La intervención de los padres
Si bien gran parte de los miedos y las fobias infantiles desaparecen con el tiempo, vale la pena poner en práctica ciertos consejos en casa:
Hable de los miedos. No reste importancia a aquello que causa miedo a su hijo(a); evite que los demás lo ridiculicen o se burlen de sus temores. Si es necesario, hable de sus propios miedos en la infancia y de cómo los fue venciendo pero, sobre todo, escuche al niño(a) con atención.
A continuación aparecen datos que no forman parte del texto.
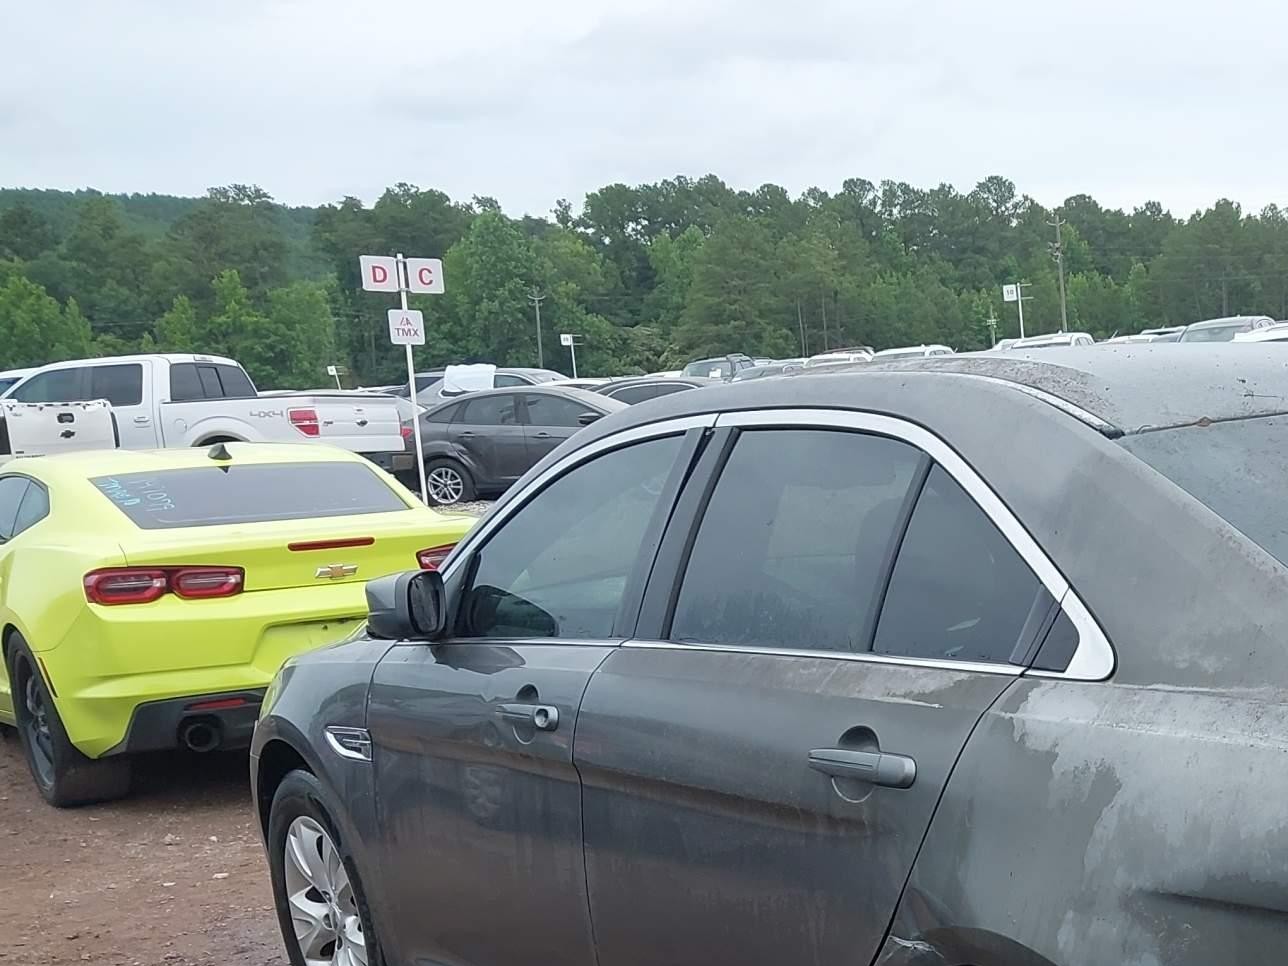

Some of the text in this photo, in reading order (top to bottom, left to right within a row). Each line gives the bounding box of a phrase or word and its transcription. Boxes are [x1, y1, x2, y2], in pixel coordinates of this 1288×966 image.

[371, 265, 388, 283] D
[418, 267, 434, 286] C
[394, 327, 420, 337] TMX
No intente evitar la causa de angustia. Es prácticamente imposible retirar de su vida aquello que provoca la fobia (imposible eliminar las tormentas, los ascensores o el perro del vecino); además, evadirlos sólo refuerza la fobia, pues equivale a decir, “conviene evitarlo porque es una amenaza”. Por ejemplo, en vez de evitar todos los edificios con ascensores, pueden ir al centro comercial y sentarse con un helado frente a los ascensores y contemplar cómo la gente sube y baja, mientras da palabras de aliento a su hijo(a) para que juntos suban un piso solamente. Así podrá comprobar que no es una amenaza real y, poco a poco, ir venciendo sus miedos.
Respiración profunda y pensamientos positivos. Enseñe a su hijo(a) a relajarse y a respirar profundo, al tiempo que repite frases que aumenten su autoestima, como “Yo puedo con esto”. Un juego que ayuda a los pequeños a medir sus temores es calificar su miedo en escala de 1 al 10. Entre ambos pueden calificar la respuesta y escribirla con la fecha, en una tabla colocada en lugar visible. Esta técnica, que permite confrontar y calificar el temor, ayuda además, a imaginar que el miedo se deposita en la tabla, fuera de la persona.
¿Cuándo consultar al doctor?
Por fortuna, muchas de las fobias infantiles desaparecen con el tiempo y no requieren tratamiento médico; sin embargo, consulte al médico si:
la fobia dura más de seis meses;
la ansiedad se expresa con llanto prolongado o berrinches;
el (la) niño(a) evita a toda costa estar en situaciones sociales con personas desconocidas (por ejemplo, si se rehúsa ir a centros comerciales o a eventos deportivos concurridos);
la ansiedad se acompaña de alguna o varias de las manifestaciones siguientes: sudoración, palpitaciones, nausea, dolor de cabeza o estómago;
el (la) niño(a) no se da cuenta de que sus miedos son injustificados.
Si el médico determina que es necesario dar tratamiento, este generalmente se basa en una terapia conductual para enfrentar aquello que perturba, pero recuerde, un ingrediente muy importante en cualquier tratamiento para sus hijos es brindarles su comprensión y apoyo en todo momento.